──────── Supplied material ────────

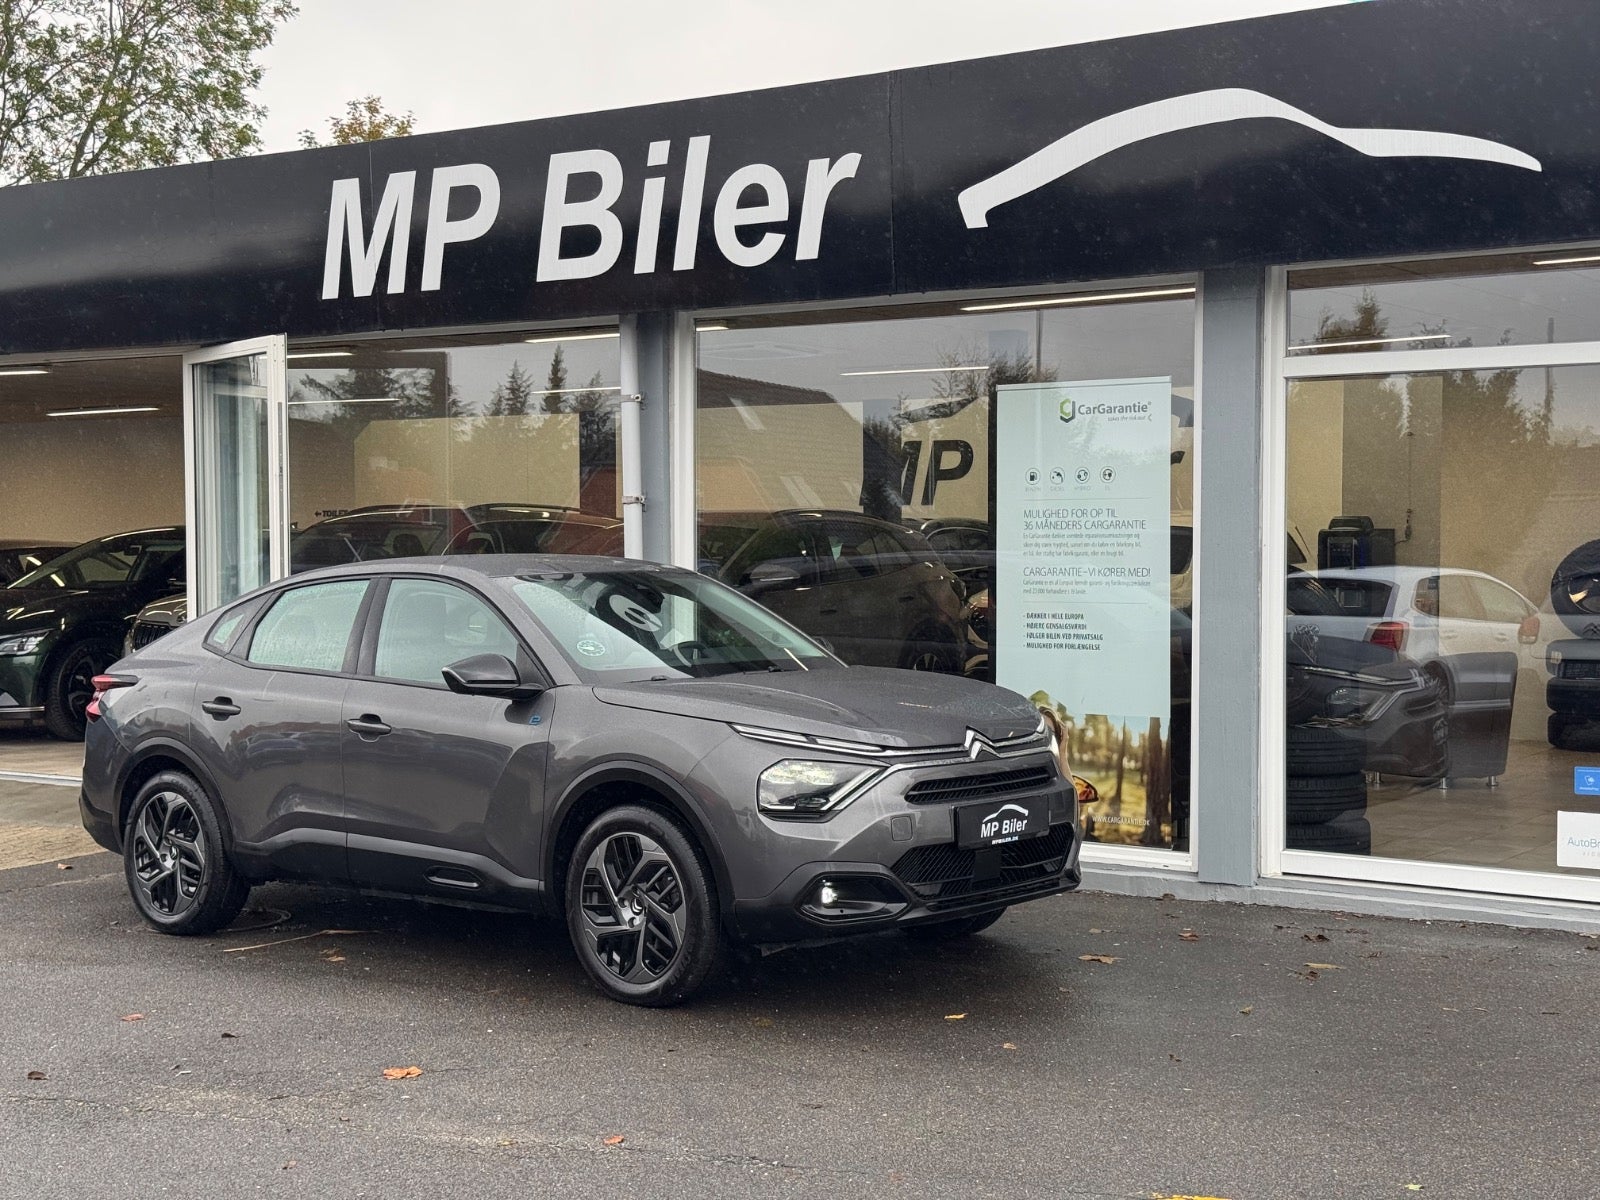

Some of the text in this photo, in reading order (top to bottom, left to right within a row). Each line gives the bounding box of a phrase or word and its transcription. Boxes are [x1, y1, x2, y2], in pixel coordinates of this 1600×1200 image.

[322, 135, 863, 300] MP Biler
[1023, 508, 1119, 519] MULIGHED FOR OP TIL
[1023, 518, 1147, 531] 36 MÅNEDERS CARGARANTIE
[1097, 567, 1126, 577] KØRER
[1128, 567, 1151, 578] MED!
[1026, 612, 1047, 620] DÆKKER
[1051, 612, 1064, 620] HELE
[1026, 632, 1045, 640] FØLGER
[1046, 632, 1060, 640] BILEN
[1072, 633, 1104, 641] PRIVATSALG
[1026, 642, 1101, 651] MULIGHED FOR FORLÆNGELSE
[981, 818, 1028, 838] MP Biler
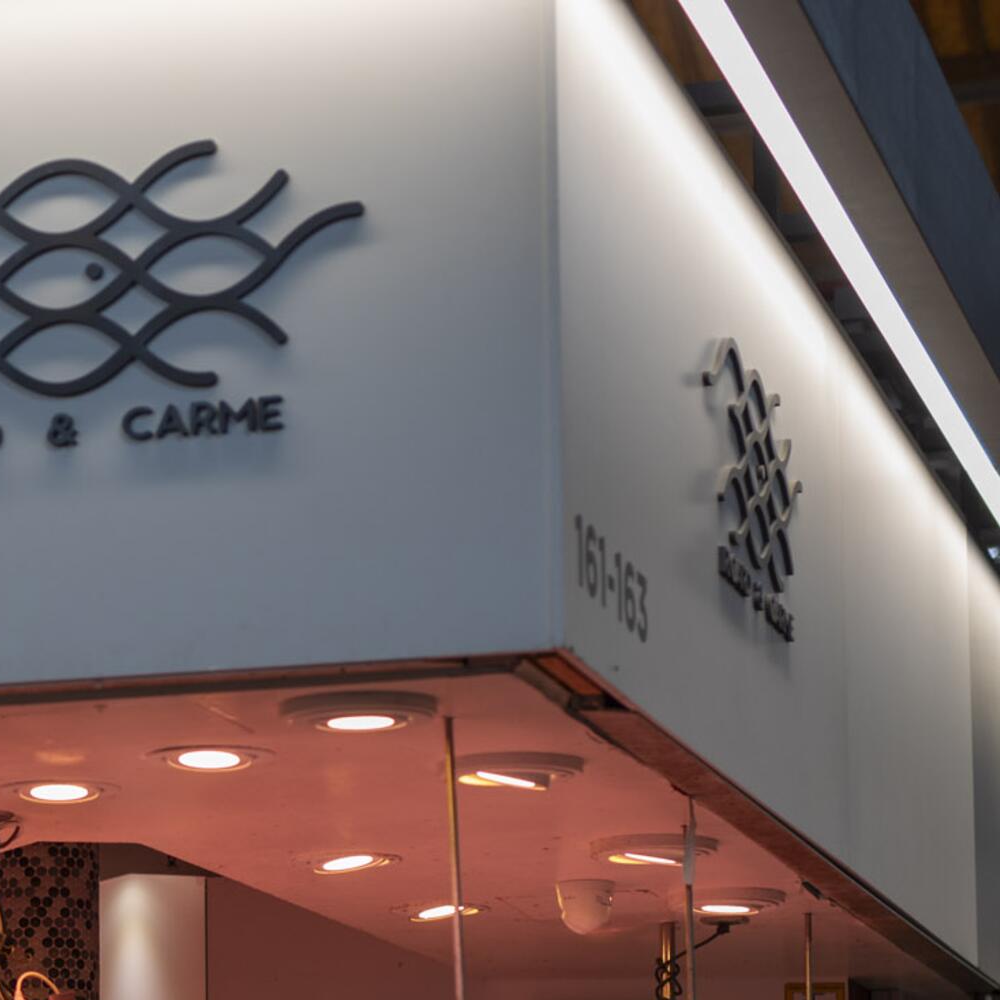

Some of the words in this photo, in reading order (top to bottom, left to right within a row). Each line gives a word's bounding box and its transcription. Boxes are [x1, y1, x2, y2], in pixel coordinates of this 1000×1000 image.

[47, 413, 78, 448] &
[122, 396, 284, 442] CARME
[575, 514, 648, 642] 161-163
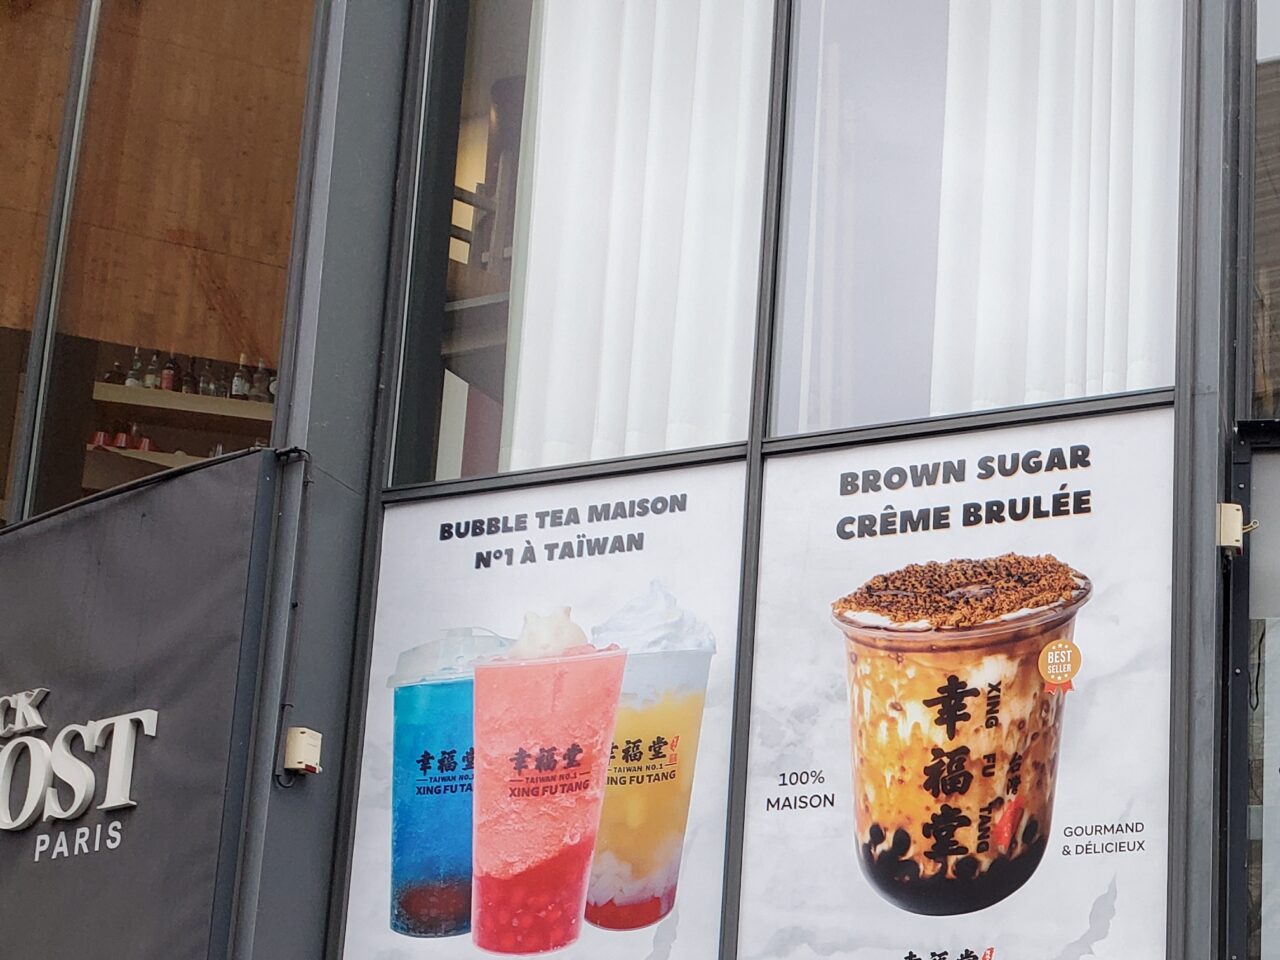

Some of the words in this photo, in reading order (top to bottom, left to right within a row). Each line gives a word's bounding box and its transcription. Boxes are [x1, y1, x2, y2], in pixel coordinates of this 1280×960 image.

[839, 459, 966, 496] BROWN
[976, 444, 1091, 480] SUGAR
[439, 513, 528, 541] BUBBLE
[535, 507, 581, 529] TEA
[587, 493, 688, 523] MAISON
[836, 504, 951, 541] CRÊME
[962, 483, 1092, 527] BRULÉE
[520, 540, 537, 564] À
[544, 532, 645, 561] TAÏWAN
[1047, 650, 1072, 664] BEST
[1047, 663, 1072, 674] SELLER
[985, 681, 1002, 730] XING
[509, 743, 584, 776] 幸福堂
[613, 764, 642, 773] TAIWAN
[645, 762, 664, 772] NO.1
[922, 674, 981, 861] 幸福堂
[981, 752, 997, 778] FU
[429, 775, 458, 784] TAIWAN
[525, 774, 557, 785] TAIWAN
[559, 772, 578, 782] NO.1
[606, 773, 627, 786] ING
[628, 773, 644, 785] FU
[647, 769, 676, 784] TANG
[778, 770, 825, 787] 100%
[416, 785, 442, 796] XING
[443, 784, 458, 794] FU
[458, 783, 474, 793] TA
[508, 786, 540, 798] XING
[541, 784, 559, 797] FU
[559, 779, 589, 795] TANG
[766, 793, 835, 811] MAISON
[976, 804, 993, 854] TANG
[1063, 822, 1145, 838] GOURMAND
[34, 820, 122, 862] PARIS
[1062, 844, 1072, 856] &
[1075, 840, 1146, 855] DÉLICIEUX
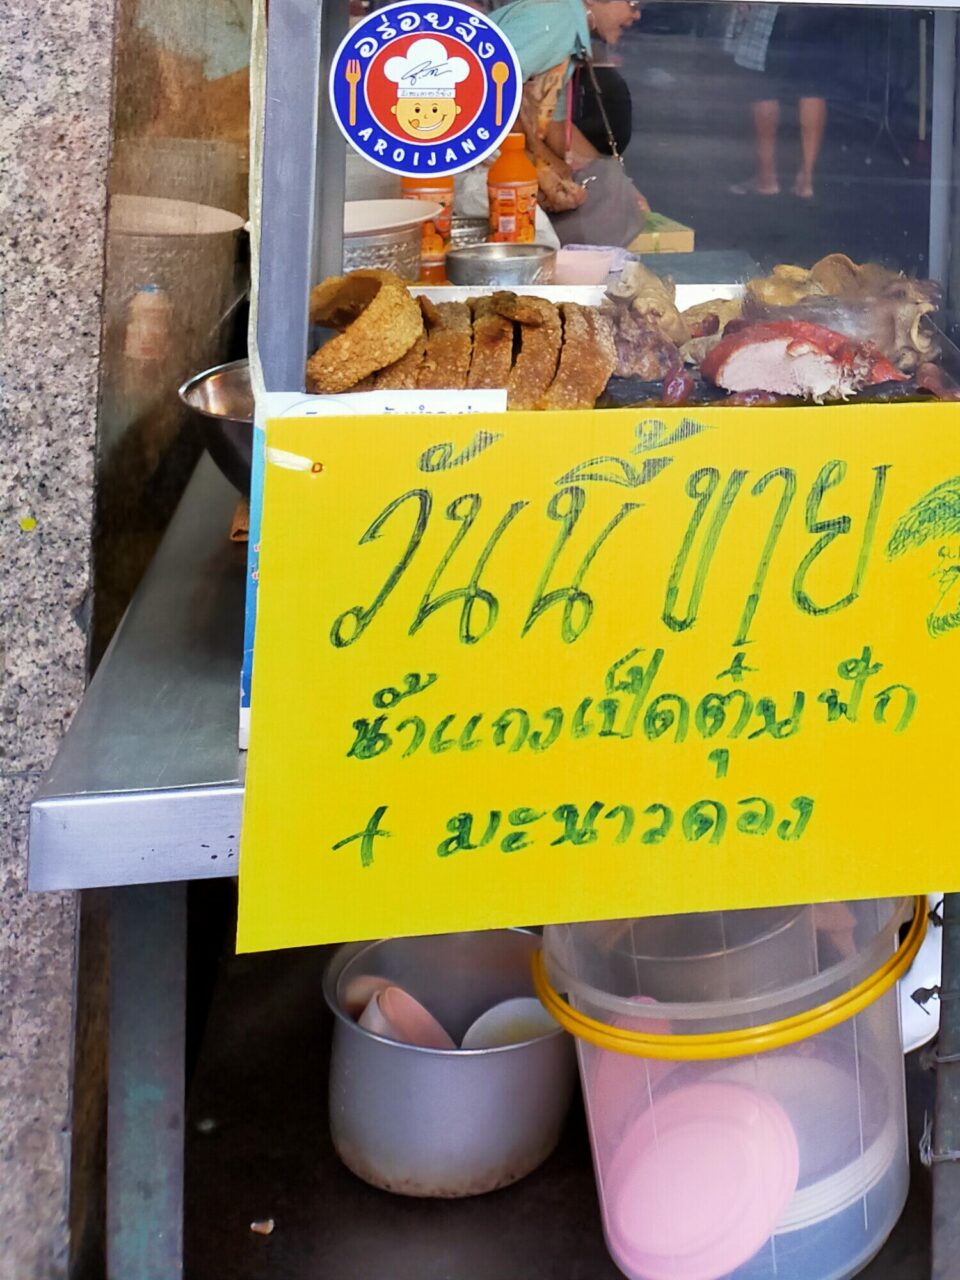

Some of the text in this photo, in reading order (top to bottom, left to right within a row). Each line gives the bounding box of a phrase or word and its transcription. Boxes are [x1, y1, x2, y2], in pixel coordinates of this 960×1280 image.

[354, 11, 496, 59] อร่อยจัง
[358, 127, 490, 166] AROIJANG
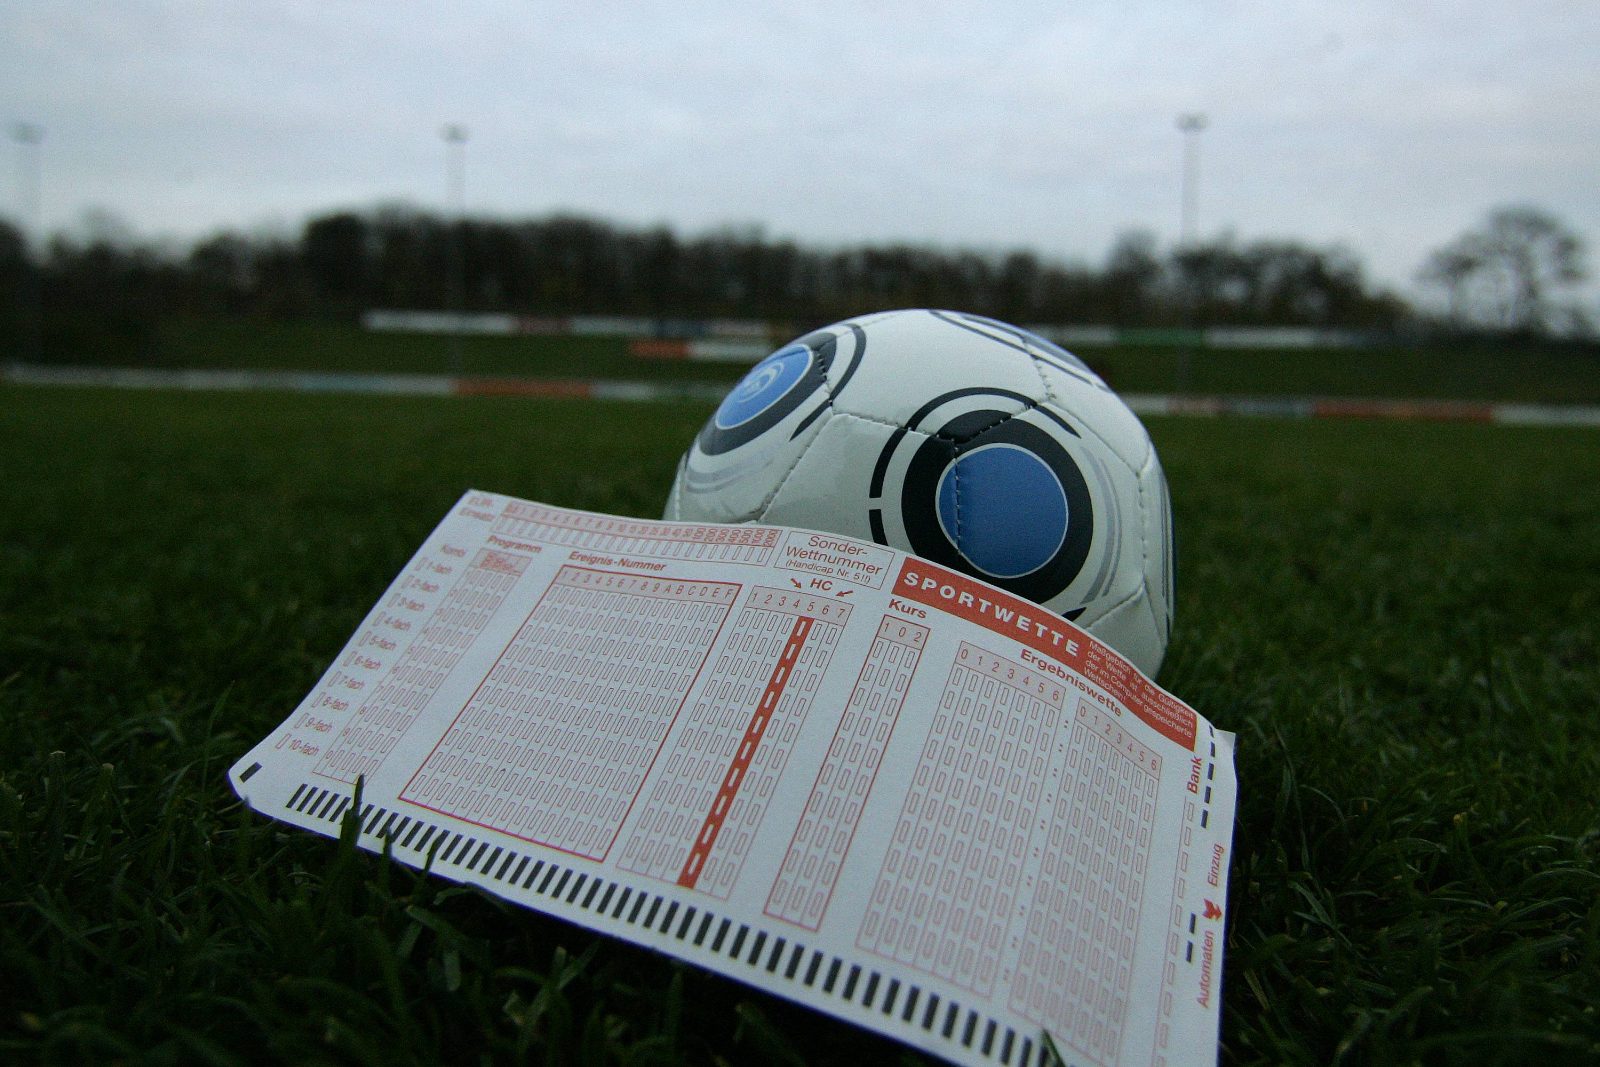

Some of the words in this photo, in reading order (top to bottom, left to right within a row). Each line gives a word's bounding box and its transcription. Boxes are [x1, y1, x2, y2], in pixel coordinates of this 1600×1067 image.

────────

Exercise details.
Give the data above again in full and unchanged, skipping the pictures.

The answer.
Some of the text in this photo, in reading order (top to bottom, left to right within a row). Each line gives the bounding box of a phrase or word and its transcription. Boxes are [x1, y1, x2, y2], in pixel coordinates of this 1600×1200 image.

[322, 135, 863, 300] MP Biler
[1023, 508, 1119, 519] MULIGHED FOR OP TIL
[1023, 518, 1147, 531] 36 MÅNEDERS CARGARANTIE
[1097, 567, 1126, 577] KØRER
[1128, 567, 1151, 578] MED!
[1026, 612, 1047, 620] DÆKKER
[1051, 612, 1064, 620] HELE
[1026, 632, 1045, 640] FØLGER
[1046, 632, 1060, 640] BILEN
[1072, 633, 1104, 641] PRIVATSALG
[1026, 642, 1101, 651] MULIGHED FOR FORLÆNGELSE
[981, 818, 1028, 838] MP Biler

Some of the words in this photo, in reading order (top to bottom, left to right within a row). Each line gives a word's bounding box and its transcription. Boxes are [x1, y1, x2, y2], in pixel coordinates of this 1000×1000 image.

[47, 413, 78, 448] &
[122, 396, 284, 442] CARME
[575, 514, 648, 642] 161-163

Some of the words in this photo, in reading order (top to bottom, left to right within a row). Each line gives a word's bounding box and its transcription. Boxes are [x1, y1, x2, y2], in pixel coordinates of this 1280×960 image.

[839, 459, 966, 496] BROWN
[976, 444, 1091, 480] SUGAR
[439, 513, 528, 541] BUBBLE
[535, 507, 581, 529] TEA
[587, 493, 688, 523] MAISON
[836, 504, 951, 541] CRÊME
[962, 483, 1092, 527] BRULÉE
[520, 540, 537, 564] À
[544, 532, 645, 561] TAÏWAN
[1047, 650, 1072, 664] BEST
[1047, 663, 1072, 674] SELLER
[985, 681, 1002, 730] XING
[509, 743, 584, 776] 幸福堂
[613, 764, 642, 773] TAIWAN
[645, 762, 664, 772] NO.1
[922, 674, 981, 861] 幸福堂
[981, 752, 997, 778] FU
[429, 775, 458, 784] TAIWAN
[525, 774, 557, 785] TAIWAN
[559, 772, 578, 782] NO.1
[606, 773, 627, 786] ING
[628, 773, 644, 785] FU
[647, 769, 676, 784] TANG
[778, 770, 825, 787] 100%
[416, 785, 442, 796] XING
[443, 784, 458, 794] FU
[458, 783, 474, 793] TA
[508, 786, 540, 798] XING
[541, 784, 559, 797] FU
[559, 779, 589, 795] TANG
[766, 793, 835, 811] MAISON
[976, 804, 993, 854] TANG
[1063, 822, 1145, 838] GOURMAND
[34, 820, 122, 862] PARIS
[1062, 844, 1072, 856] &
[1075, 840, 1146, 855] DÉLICIEUX

Some of the text in this photo, in reading order (top to bottom, left to right within a row). Each line gives the bounding box of a phrase or word and its transcription. Boxes are [x1, y1, x2, y2], in pixel coordinates of this 960×1280 image.

[354, 11, 496, 59] อร่อยจัง
[358, 127, 490, 166] AROIJANG

Some of the words in this photo, in reading order (top to bottom, left to right within a row). Each line gives a word's bounding box and its transcription. Boxes are [x1, y1, x2, y2], in pixel coordinates of this 1600×1067 image.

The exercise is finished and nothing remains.